The Breskins are charged with second-degree theft by deception for allegedly collecting $585,662 in public assistance benefits they weren't entitled to, the prosecutor said in the statement.
Zalmen and Tzipporah Sorotzkin face the same charges for allegedly collecting $338,642 in Medicaid, food stamps, Section 8 housing subsidies and Supplemental Security Income, according to the prosecutor's office.
Edward Bertucio, attorney for Zalmen and Tzipporah Sorotzkin said his clients were "innocent" but declined to comment specifically on the case.
The Nussbaums allegedly under-reported their incomes and failed to disclose money they received from a number of companies in order to collect Medicaid, Section 8 housing assistance and food stamps between 2011 and 2014, according to a federal complaint signed by FBI Special Agent Michael Farina.
In that time, the Nussbaums allegedly collected $178,762 in public assistance they weren't entitled to get.
The complaint against Mordechai and Rachel Sorotzkin accuses them of also under-reporting their incomes to collect Medicaid. Rachel Sorotzkin allegedly failed to report $1.5 million she received from a limited liability company when signing up for public assistance.
In the complaint, Farina wrote that Mordechai and Rachel Sorotzkin received more than $96,000 in Medicaid funds they shouldn't have claimed.

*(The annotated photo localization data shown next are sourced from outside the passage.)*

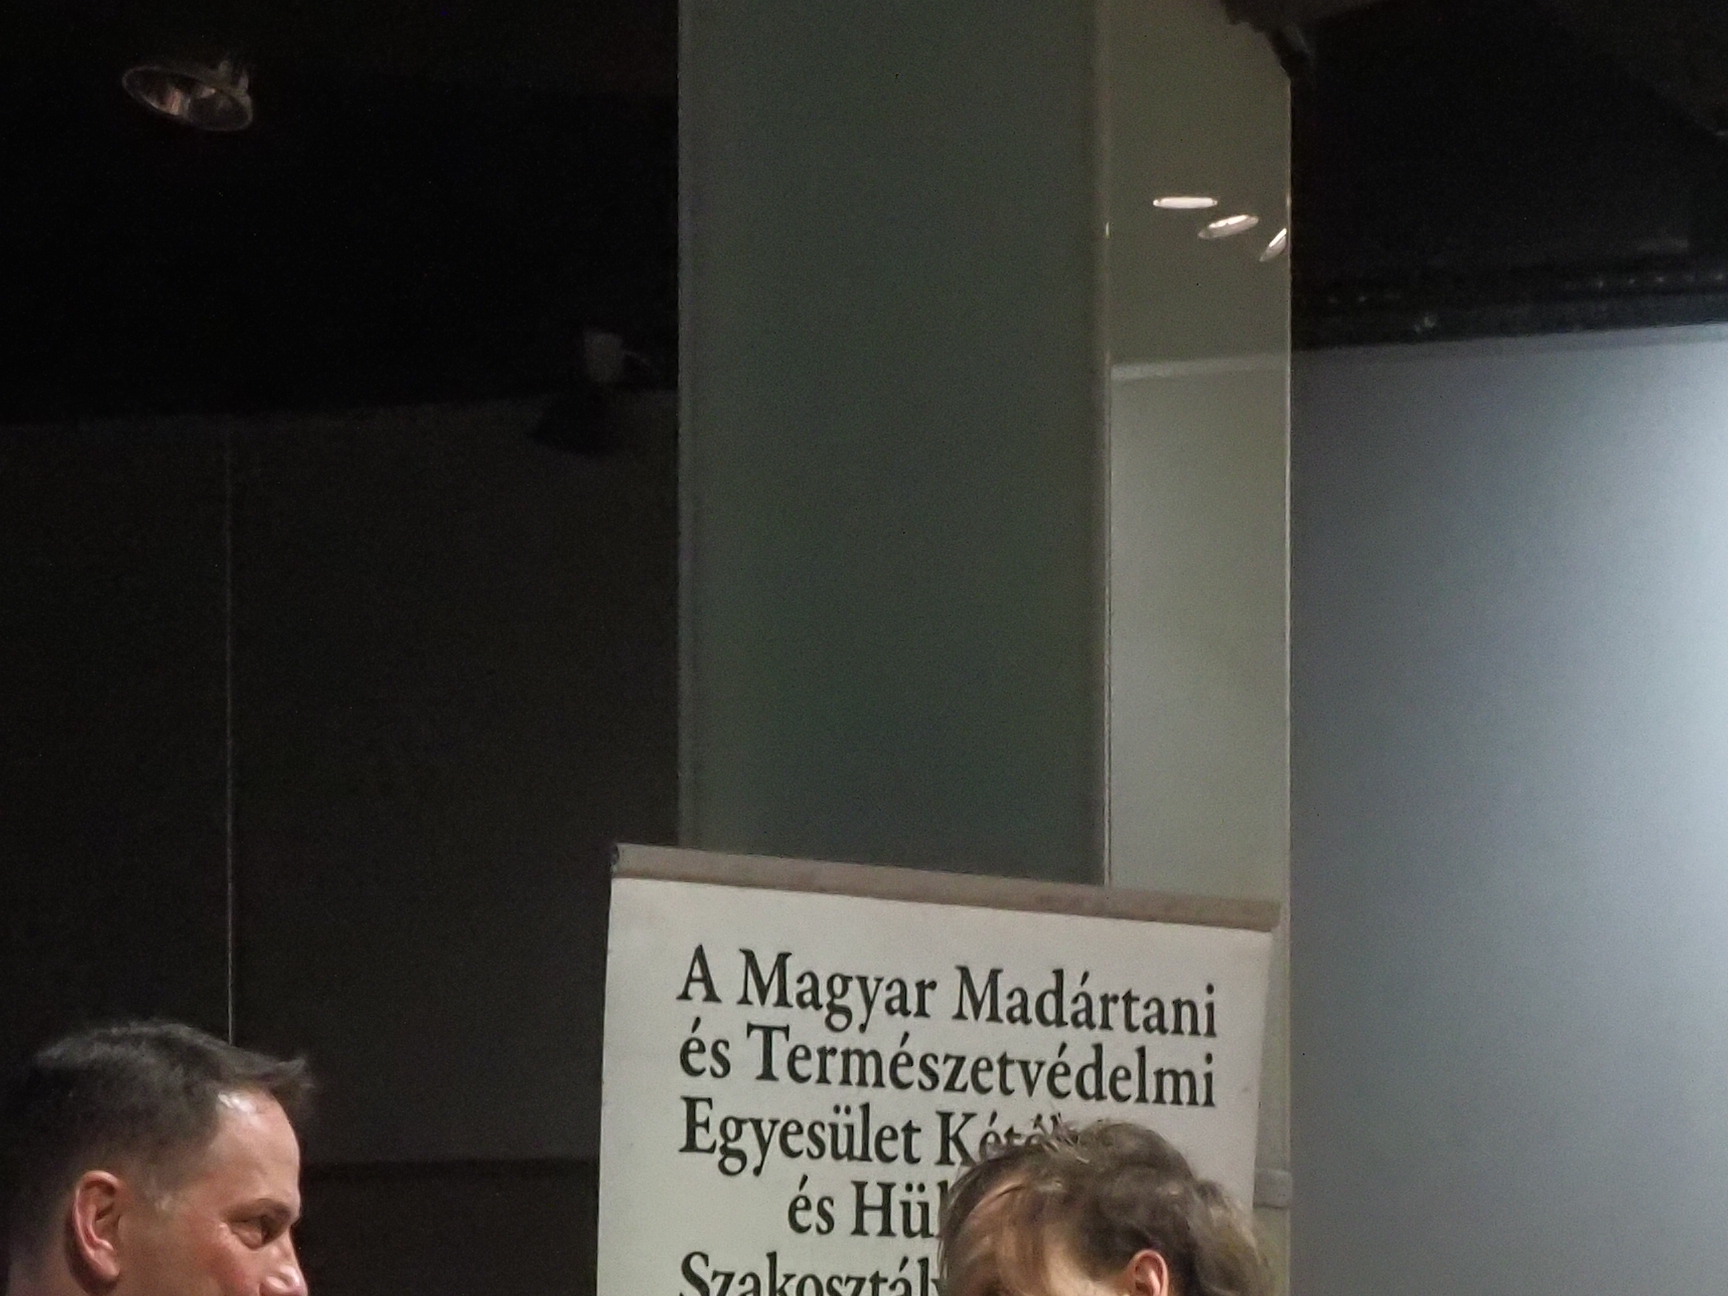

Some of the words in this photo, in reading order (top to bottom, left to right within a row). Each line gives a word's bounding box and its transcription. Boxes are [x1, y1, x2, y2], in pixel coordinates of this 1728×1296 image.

[676, 943, 722, 1004] A
[736, 947, 937, 1033] Magyar
[952, 965, 1217, 1038] Madártani
[679, 1016, 731, 1079] és
[746, 1021, 1217, 1107] Természetvédelmi
[679, 1096, 922, 1176] Egyesület
[787, 1175, 835, 1236] és

The Nussbaums and Mordechai and Rachel Sorotzkin face separate counts of conspiring to steal government funds, according to a statement from the U.S. Attorney's office. The conspiracy counts each carry a maximum potential penalty of up to five years in prison and a $250,000 fine, or twice the gain from the offense.
Fred Zemel, the attorney for Rachel Sorotzkin, said "everything's going to work out" and all the defendants "will be vindicated."
The investigation into the alleged public-assistance fraud began around three years ago and now comprises a variety of federal and state law enforcement agencies. The FBI, the Social Security Administration, the New Jersey Treasury Department, the state comptroller's Medicaid Fraud Division and the Ocean County Prosecutor's Office all have been investigating.